» TASK ITEM
Please reproduce all of the data below exactly, leaving each picture out.

» Spatial localization data
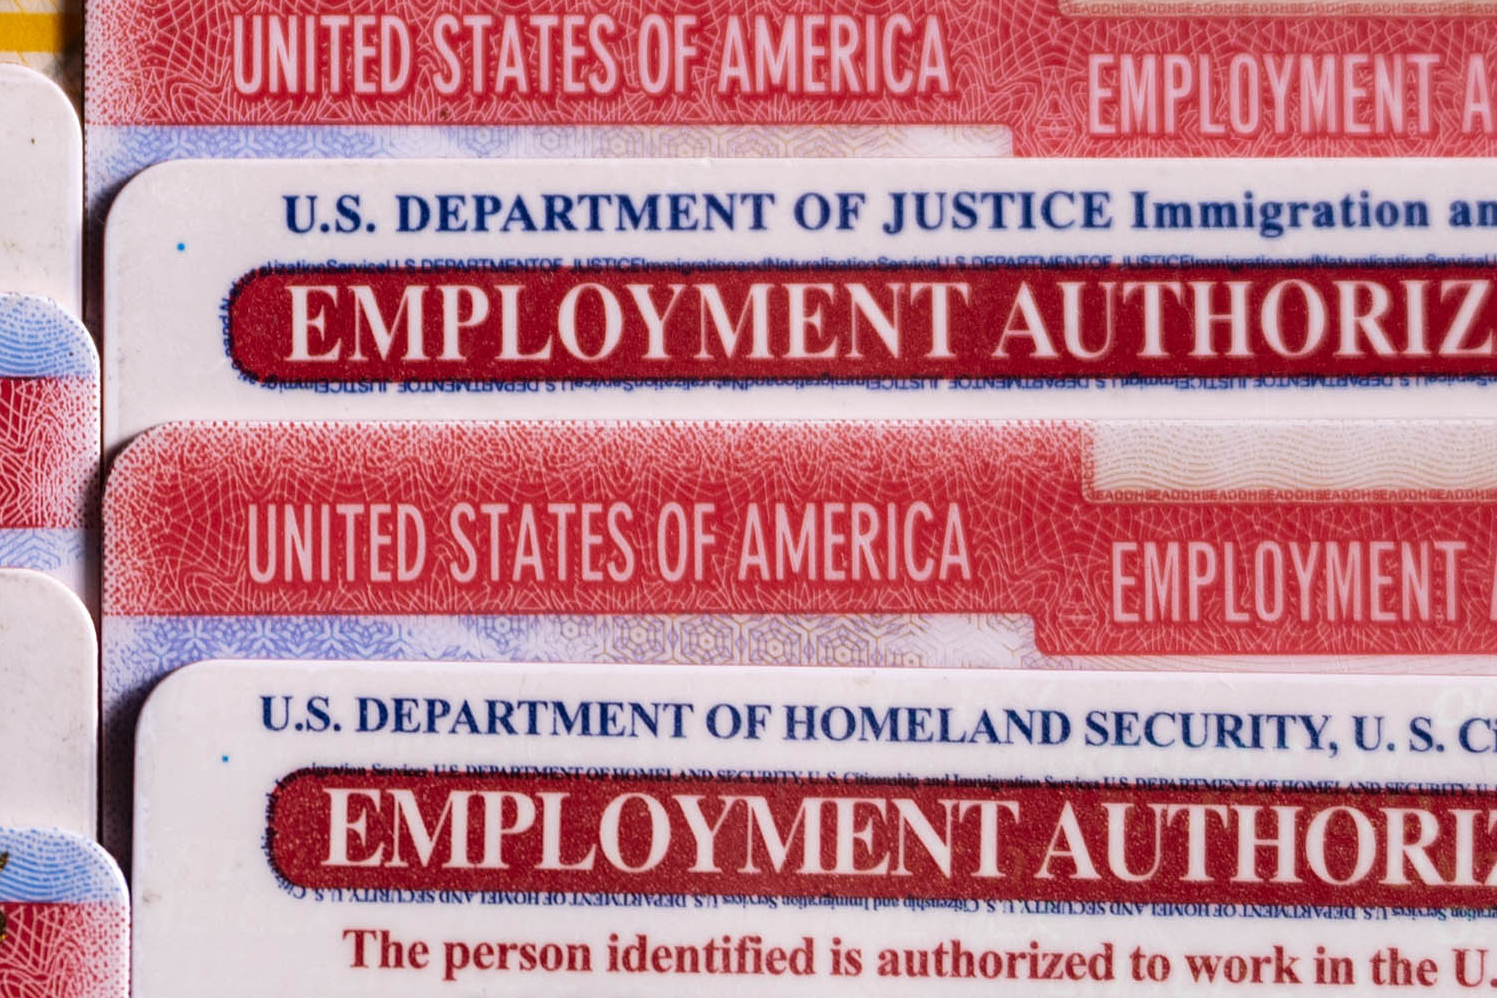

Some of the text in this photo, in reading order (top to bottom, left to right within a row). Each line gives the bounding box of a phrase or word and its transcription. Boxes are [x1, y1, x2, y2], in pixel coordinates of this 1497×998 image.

[234, 13, 951, 95] UNITED STATES OF AMERICA
[1087, 52, 1441, 138] EMPLOYMENT
[285, 193, 376, 234] U.S.
[395, 192, 775, 233] DEPARTMENT
[793, 191, 866, 232] OF
[882, 190, 1112, 235] JUSTICE
[1130, 190, 1430, 239] Immigration
[286, 281, 970, 363] EMPLOYMENT
[994, 279, 1495, 361] AUTHORIZ
[246, 501, 973, 585] UNITED STATES OF AMERICA
[1112, 540, 1466, 624] EMPLOYMENT
[260, 694, 342, 733] U.S.
[356, 696, 693, 740] DEPARTMENT
[706, 702, 773, 742] OF
[784, 703, 1072, 747] HOMELAND
[1084, 708, 1340, 759] SECURITY,
[1353, 714, 1396, 753] U.
[1408, 716, 1446, 754] S.
[321, 786, 1021, 878] EMPLOYMENT
[1037, 801, 1497, 889] AUTHORI
[439, 889, 540, 905] HOMELAND
[543, 891, 567, 906] OF
[570, 893, 687, 909] DEPARTMENT
[1110, 901, 1209, 917] HOMELAND
[1213, 902, 1237, 917] OF
[1240, 902, 1356, 919] DEPARTMENT
[344, 929, 430, 970] The
[444, 938, 592, 981] person
[606, 933, 815, 978] identified
[829, 939, 863, 978] is
[876, 936, 1115, 982] authorized
[1129, 946, 1171, 983] to
[1184, 940, 1301, 986] work
[1314, 946, 1355, 986] in
[1369, 945, 1439, 987] the
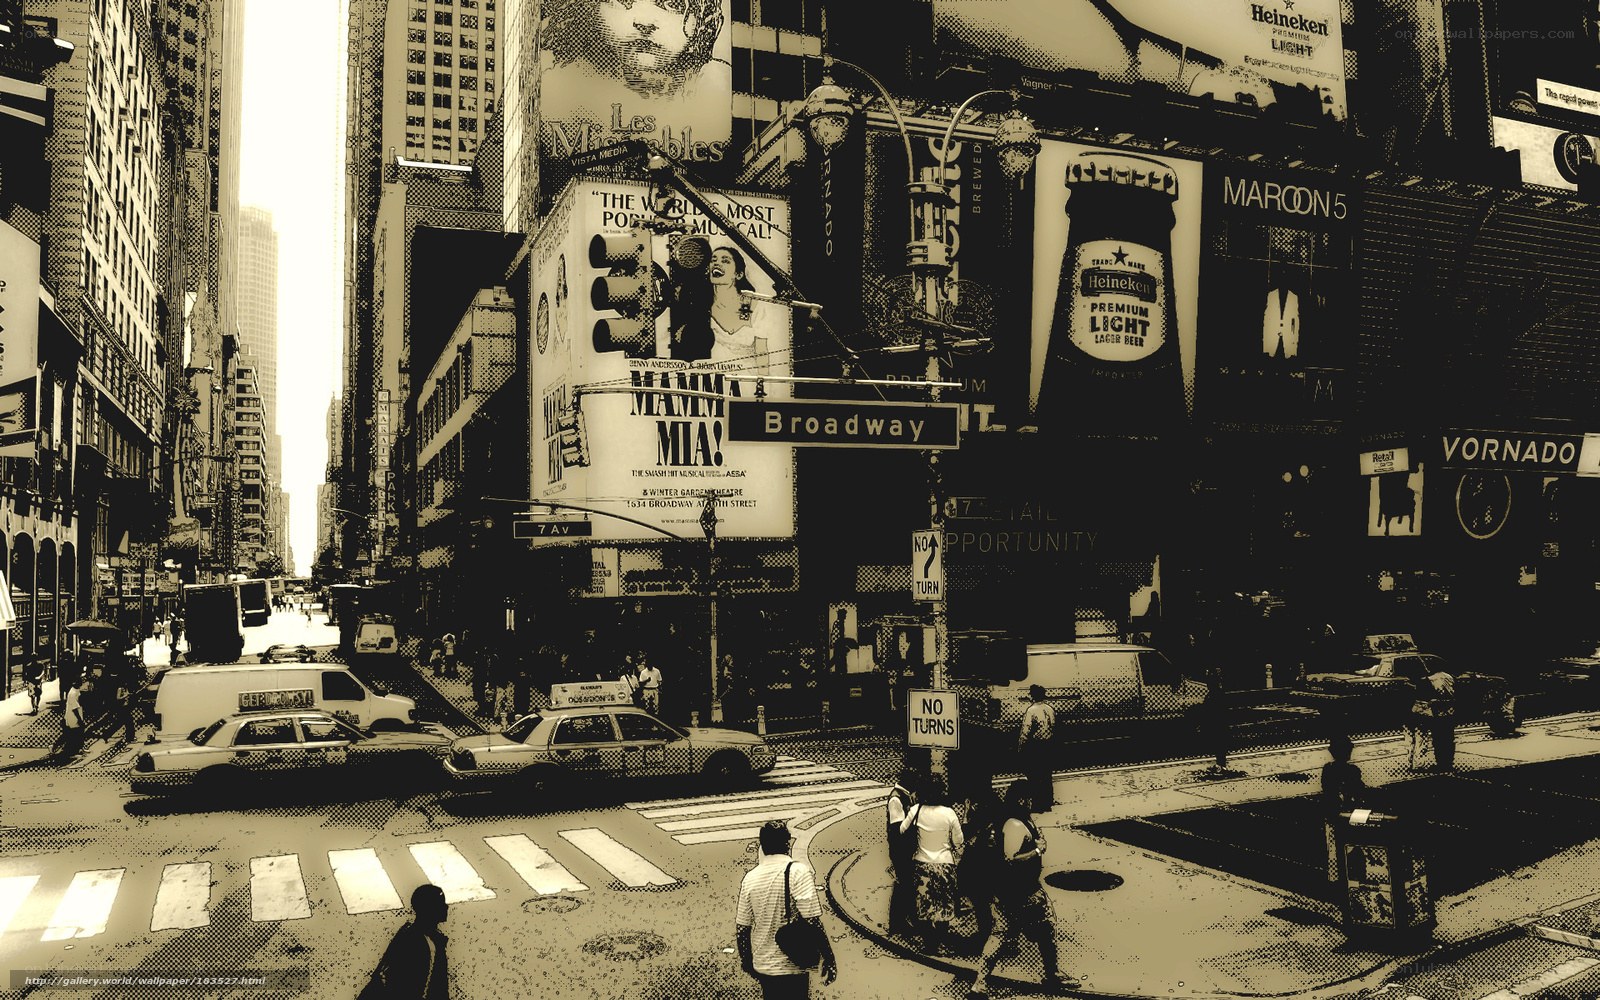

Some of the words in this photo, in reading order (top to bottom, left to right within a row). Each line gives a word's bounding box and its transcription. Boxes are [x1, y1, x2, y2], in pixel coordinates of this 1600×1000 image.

» WRITTEN SOLUTION
Some of the text in this photo, in reading order (top to bottom, left to right within a row). Each line gives the bounding box of a phrase or word and its transcription. Boxes are [x1, y1, x2, y2], in pixel coordinates of this 1497×998 image.

[234, 13, 951, 95] UNITED STATES OF AMERICA
[1087, 52, 1441, 138] EMPLOYMENT
[285, 193, 376, 234] U.S.
[395, 192, 775, 233] DEPARTMENT
[793, 191, 866, 232] OF
[882, 190, 1112, 235] JUSTICE
[1130, 190, 1430, 239] Immigration
[286, 281, 970, 363] EMPLOYMENT
[994, 279, 1495, 361] AUTHORIZ
[246, 501, 973, 585] UNITED STATES OF AMERICA
[1112, 540, 1466, 624] EMPLOYMENT
[260, 694, 342, 733] U.S.
[356, 696, 693, 740] DEPARTMENT
[706, 702, 773, 742] OF
[784, 703, 1072, 747] HOMELAND
[1084, 708, 1340, 759] SECURITY,
[1353, 714, 1396, 753] U.
[1408, 716, 1446, 754] S.
[321, 786, 1021, 878] EMPLOYMENT
[1037, 801, 1497, 889] AUTHORI
[439, 889, 540, 905] HOMELAND
[543, 891, 567, 906] OF
[570, 893, 687, 909] DEPARTMENT
[1110, 901, 1209, 917] HOMELAND
[1213, 902, 1237, 917] OF
[1240, 902, 1356, 919] DEPARTMENT
[344, 929, 430, 970] The
[444, 938, 592, 981] person
[606, 933, 815, 978] identified
[829, 939, 863, 978] is
[876, 936, 1115, 982] authorized
[1129, 946, 1171, 983] to
[1184, 940, 1301, 986] work
[1314, 946, 1355, 986] in
[1369, 945, 1439, 987] the

Some of the words in this photo, in reading order (top to bottom, left to right within a row). Each line gives a word's bounding box and its transcription. Boxes are [x1, y1, x2, y2], in pixel coordinates of this 1600×1000 image.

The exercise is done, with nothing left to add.